(Task objective)
Would you please copy all of the data exactly, skipping the images?

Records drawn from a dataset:

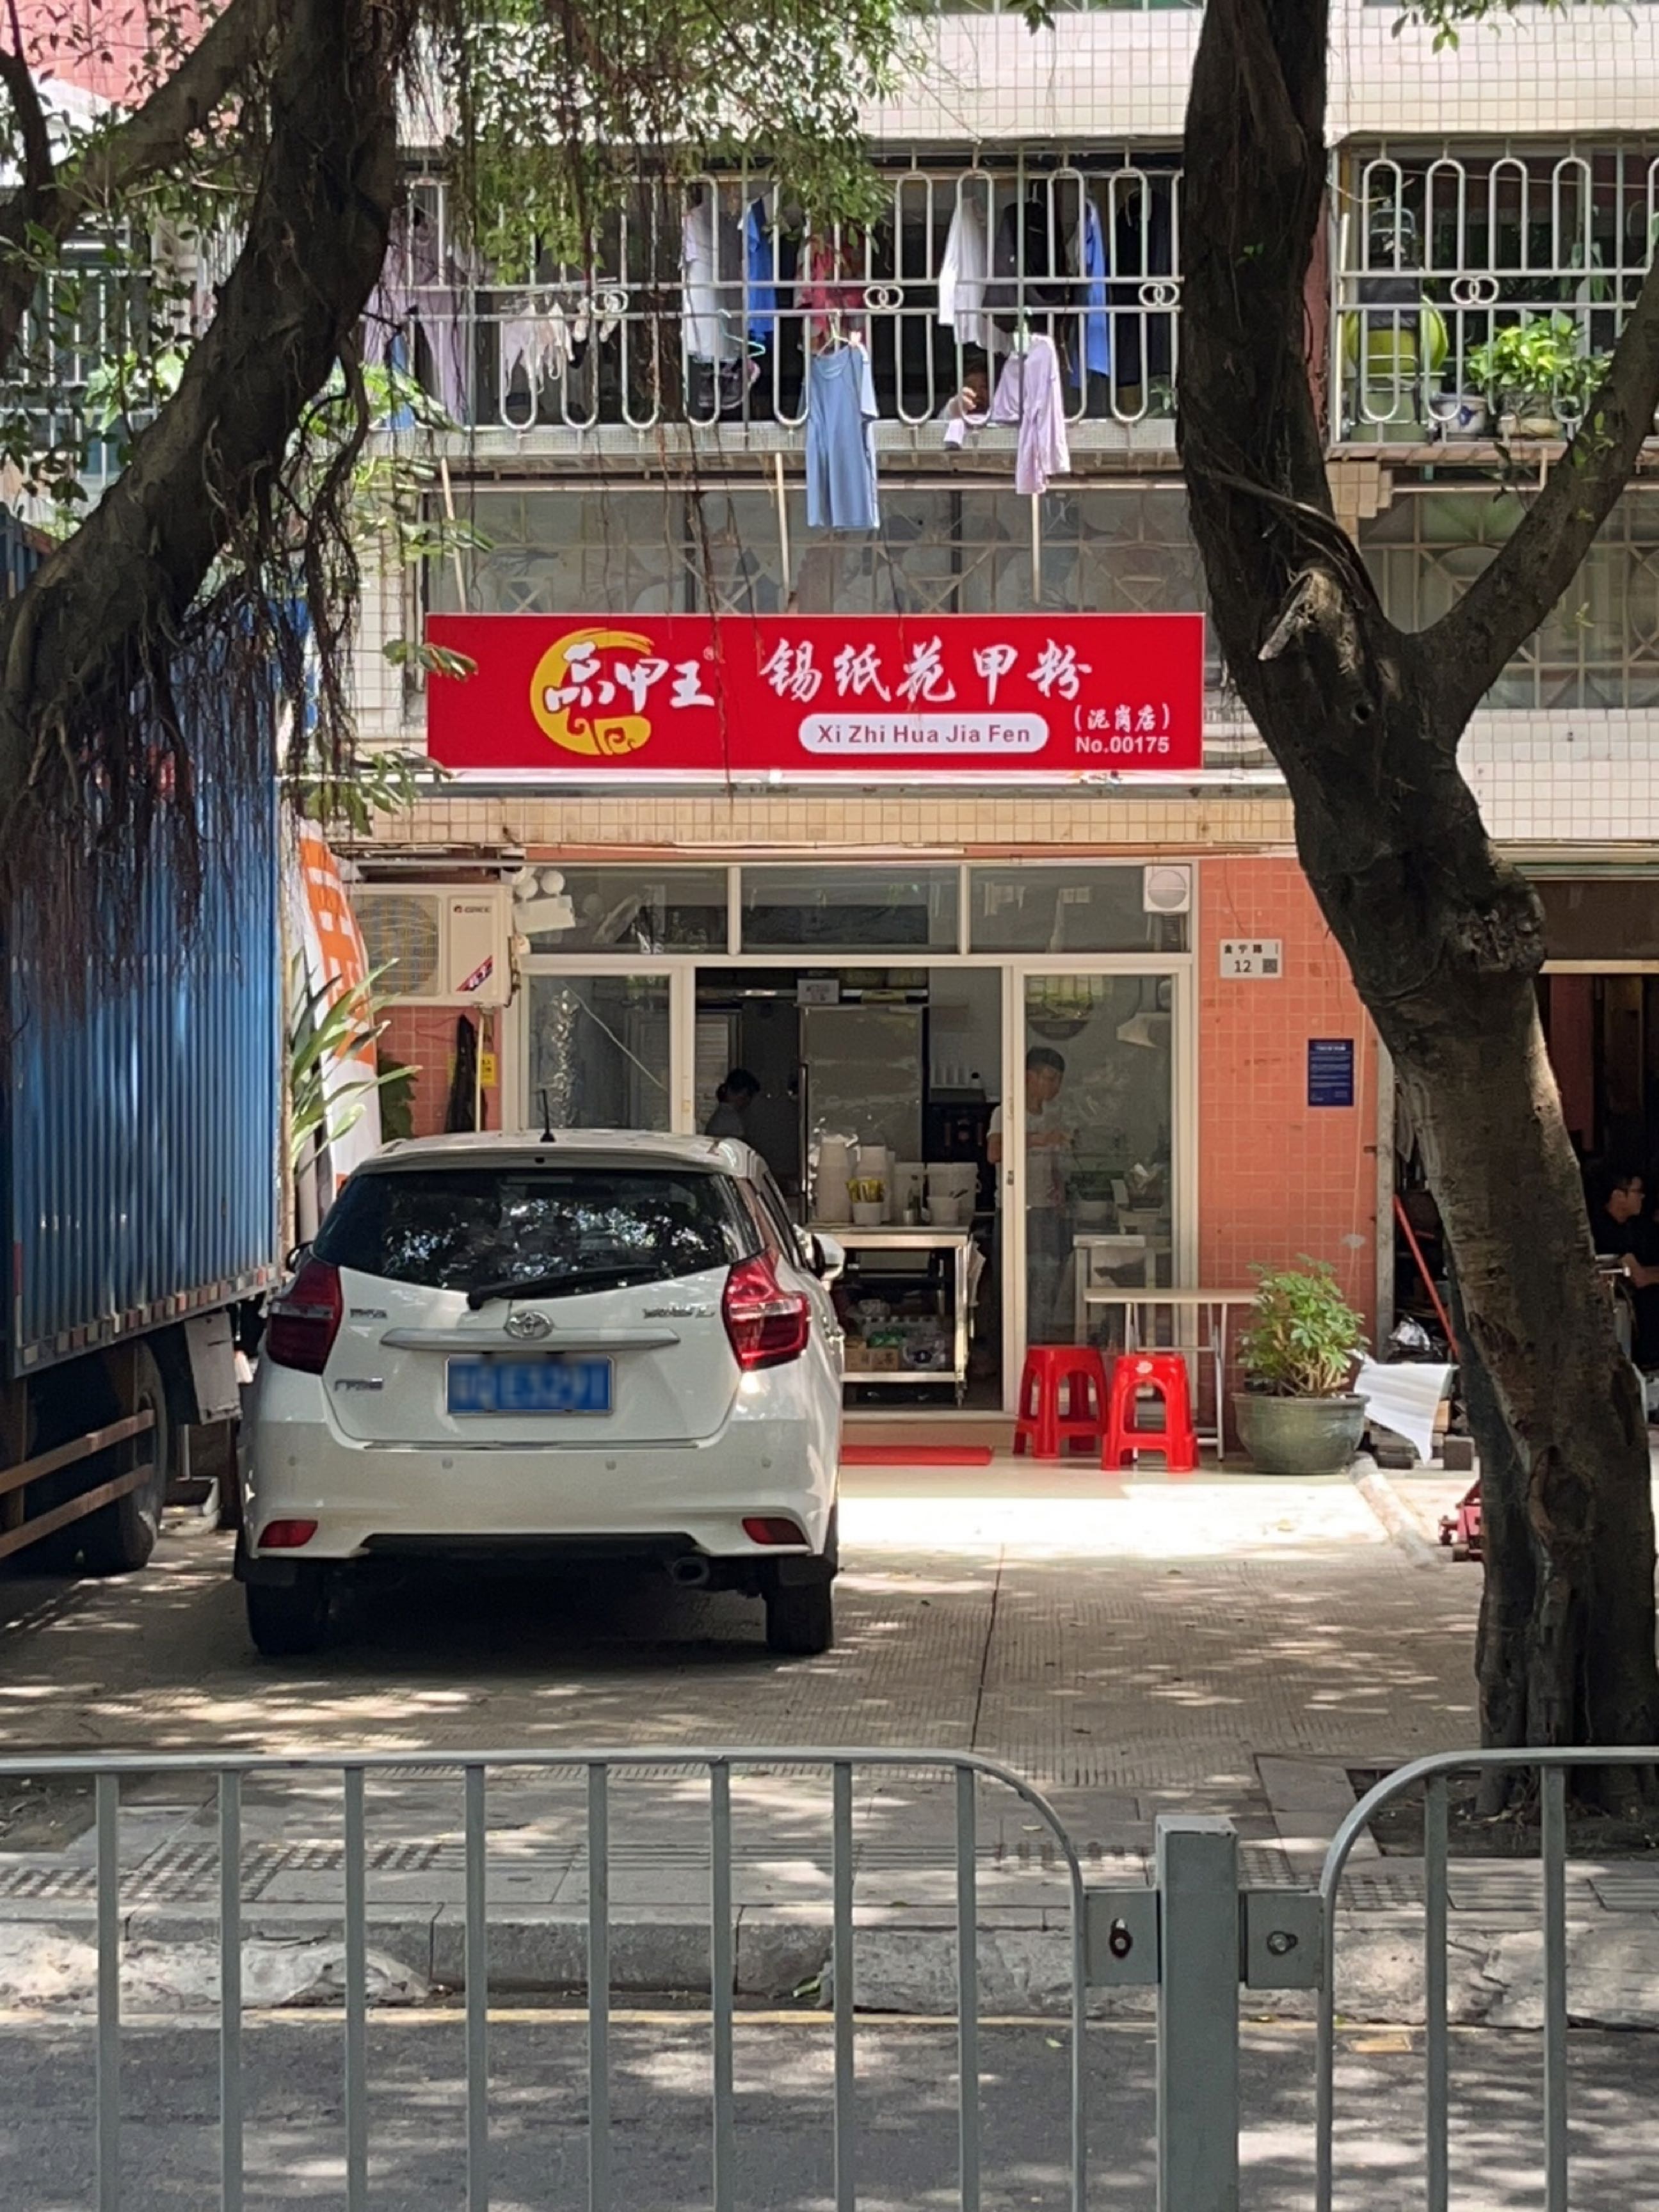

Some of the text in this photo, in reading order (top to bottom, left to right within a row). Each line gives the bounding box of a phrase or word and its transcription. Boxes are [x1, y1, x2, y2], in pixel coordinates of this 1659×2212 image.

[760, 636, 1092, 705] 锡纸花甲粉
[817, 724, 1030, 743] Xi Zhi Hua Jia Fen
[1075, 736, 1170, 753] No.00175
[1235, 960, 1252, 973] 12

(Reply to the exercise)
Some of the text in this photo, in reading order (top to bottom, left to right within a row). Each line gives the bounding box of a phrase or word and its transcription. Boxes are [x1, y1, x2, y2], in pixel coordinates of this 1659×2212 image.

[760, 636, 1092, 705] 锡纸花甲粉
[817, 724, 1030, 743] Xi Zhi Hua Jia Fen
[1075, 736, 1170, 753] No.00175
[1235, 960, 1252, 973] 12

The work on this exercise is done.